やっと石段を上り切ると、ボロボロの本殿が待ち構えていた。最後に見た時はこんなだっただろうか。敷地内の西側から見える景色は、広い田んぼと、その中にポツポツとある建物。記憶にあるその景色はとても綺麗だったが、今は背の高くなった雑草に邪魔され当時より狭くなっていた。きっともうあまり手入れはされていない。

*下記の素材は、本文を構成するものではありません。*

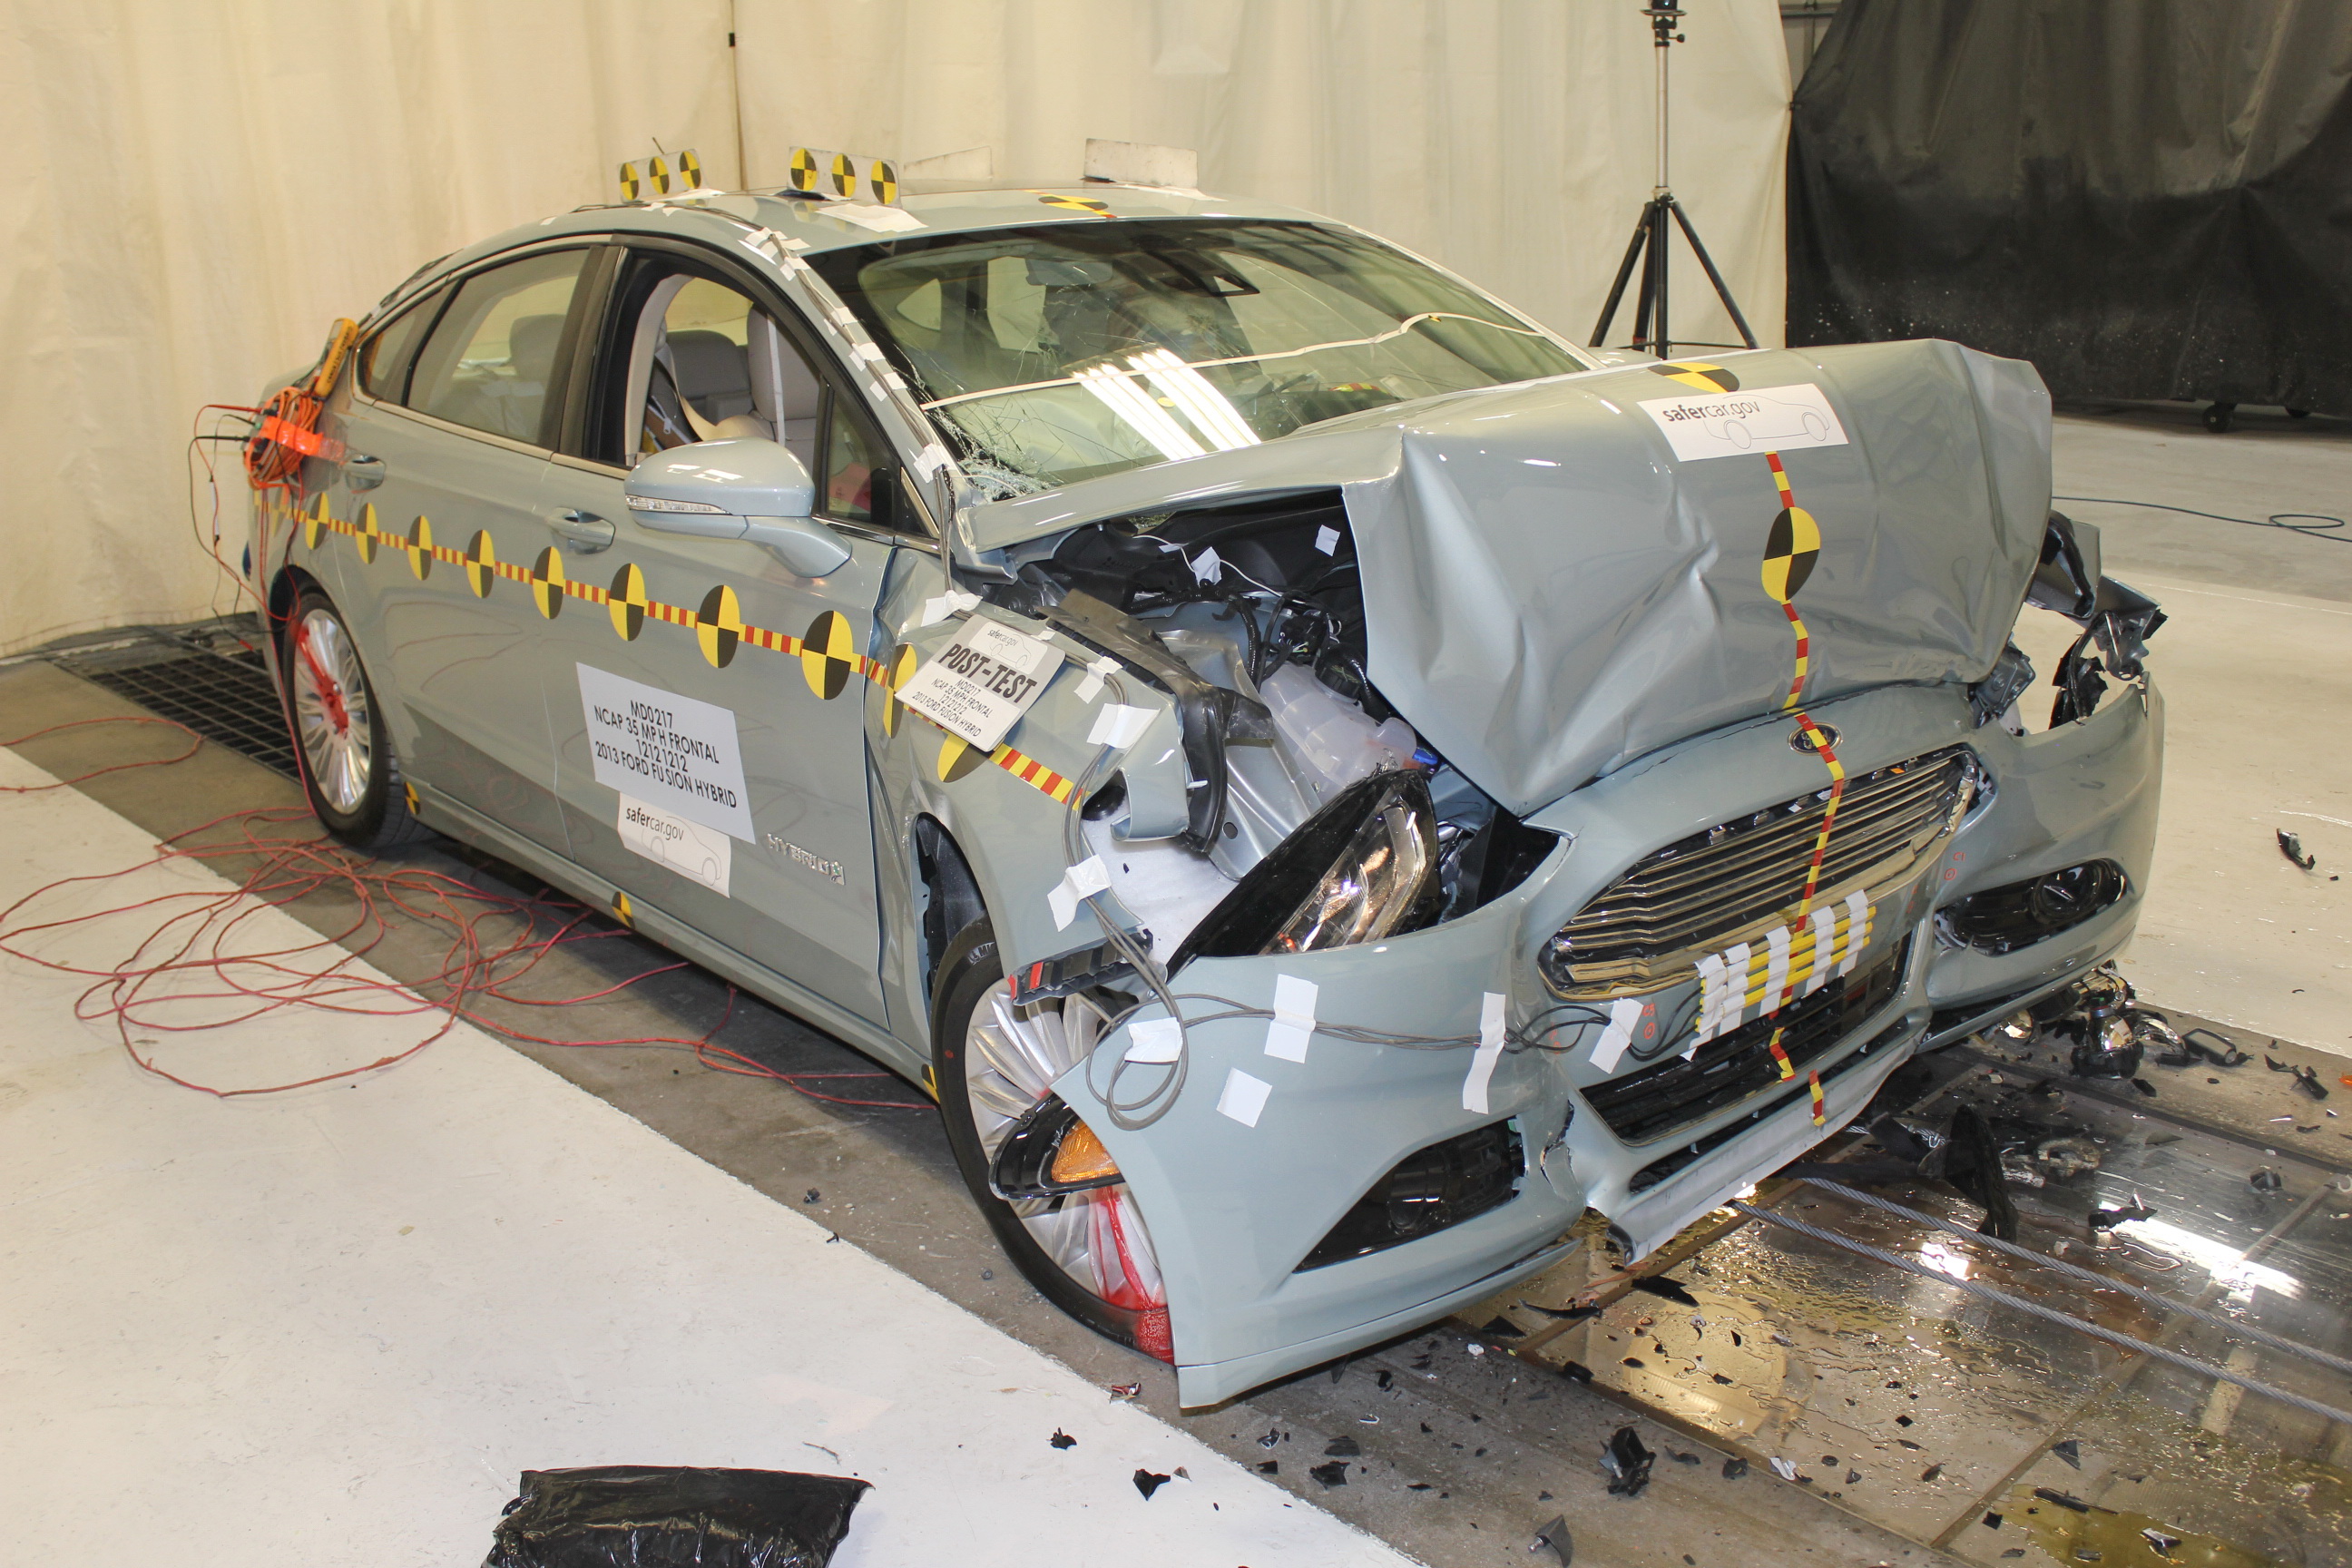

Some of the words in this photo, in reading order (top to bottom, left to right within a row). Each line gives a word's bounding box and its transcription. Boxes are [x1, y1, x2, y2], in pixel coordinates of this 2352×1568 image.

本殿の階段に腰掛け、メモ帳とペンをポケットから取り出した。木々の影で出来た涼しさで囲まれた中、物語の参考になりそうなものを書き残そうとペンを走らせた。嫌になる程浴びる日差し、まだ青々としている田んぼの稲、川に映った自分の姿、坂道でひたすら流す汗、それを補うスポーツドリンク、澄んだ空、背の伸びた雑草、朽ちかけた神社…。
全部書こう。全部。きっと主人公、千夏は私と同じように、夏空を時々見上げながら、白い彼女とこの場所へ来るはずだ。少々薄暗い中で光が差し込む石段の上も、白い彼女の立つ背景にはきっと似合う。頭に浮かぶ、私しか知らない彼女の笑顔も、その肌も、眼差しも、林の暗がりの中では浮いてこそいるが、綺麗に映えるはずだ。体力の無さそうな彼女のことだから、二人でゆっくり歩くのだろうか。
メモ帳から目線を離すと、西日の色が少しだけ辺りに混じっていた。急いで家に帰らないと、すぐに暗くなってしまう。私は急いで石段を元来た方へ戻った。足元が少々崩れているため、下るのも一苦労だ。飛んで走って鳥居を潜り、そこで少し足を止めて、肩で息をした。なんとなく、後ろが気になった。悪寒がしたとか、何かいる気がするとか、そういうのでは無かった。ただ後ろが気になった。
振り返ると、当然だが、行きの時よりも暗い石段の道が見えた。その光景に私は鳥肌が立った。
暗がりの入り口に立つ白い彼女を、想像してしまったから。
鳥居を隔ててこちらを見つめる彼女を、景色の中に見出してしまった。まるで私と彼女を、千夏と彼女を、線引きしているように。
それは想像と現実の比喩とも、生と死の比喩とも、とにかく互いが混じり合えない境界線がそこにあった。
ただ頭の中の彼女は、目の前の景色に溶け込んだ彼女は、いつもと同じように綺麗に微笑んでいる。